This is a list of United States Air Force F-106 Delta Dart Squadrons. The F-106 is considered one of the finest all-weather interceptors ever built. It served on active duty with the United States Air Force Air Defense Command (and successor organizations) and Air Defense squadrons of the Air National Guard for almost 30 years, much longer than most of its contemporaries.

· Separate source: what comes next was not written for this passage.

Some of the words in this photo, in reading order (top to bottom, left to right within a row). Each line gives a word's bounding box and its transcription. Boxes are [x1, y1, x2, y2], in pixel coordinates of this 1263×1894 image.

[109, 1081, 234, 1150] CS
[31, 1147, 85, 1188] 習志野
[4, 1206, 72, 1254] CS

Originally designated the F-102B, it was redesignated F-106 because of extensive structural changes and a more powerful engine. The first F-106A flew on 26 December 1956, and deliveries to the USAF began in July 1959 with the 539th Fighter-Interceptor Squadron at McGuire AFB, New Jersey. Production ended in late 1961 after 277 single-seat F-106As and 63 two-seat F-106B trainers had been built. The last squadron to relinquish its F-106s was the 119th Fighter-Interceptor Squadron of the New Jersey Air National Guard, which sent its last plane to AMARC in August 1988.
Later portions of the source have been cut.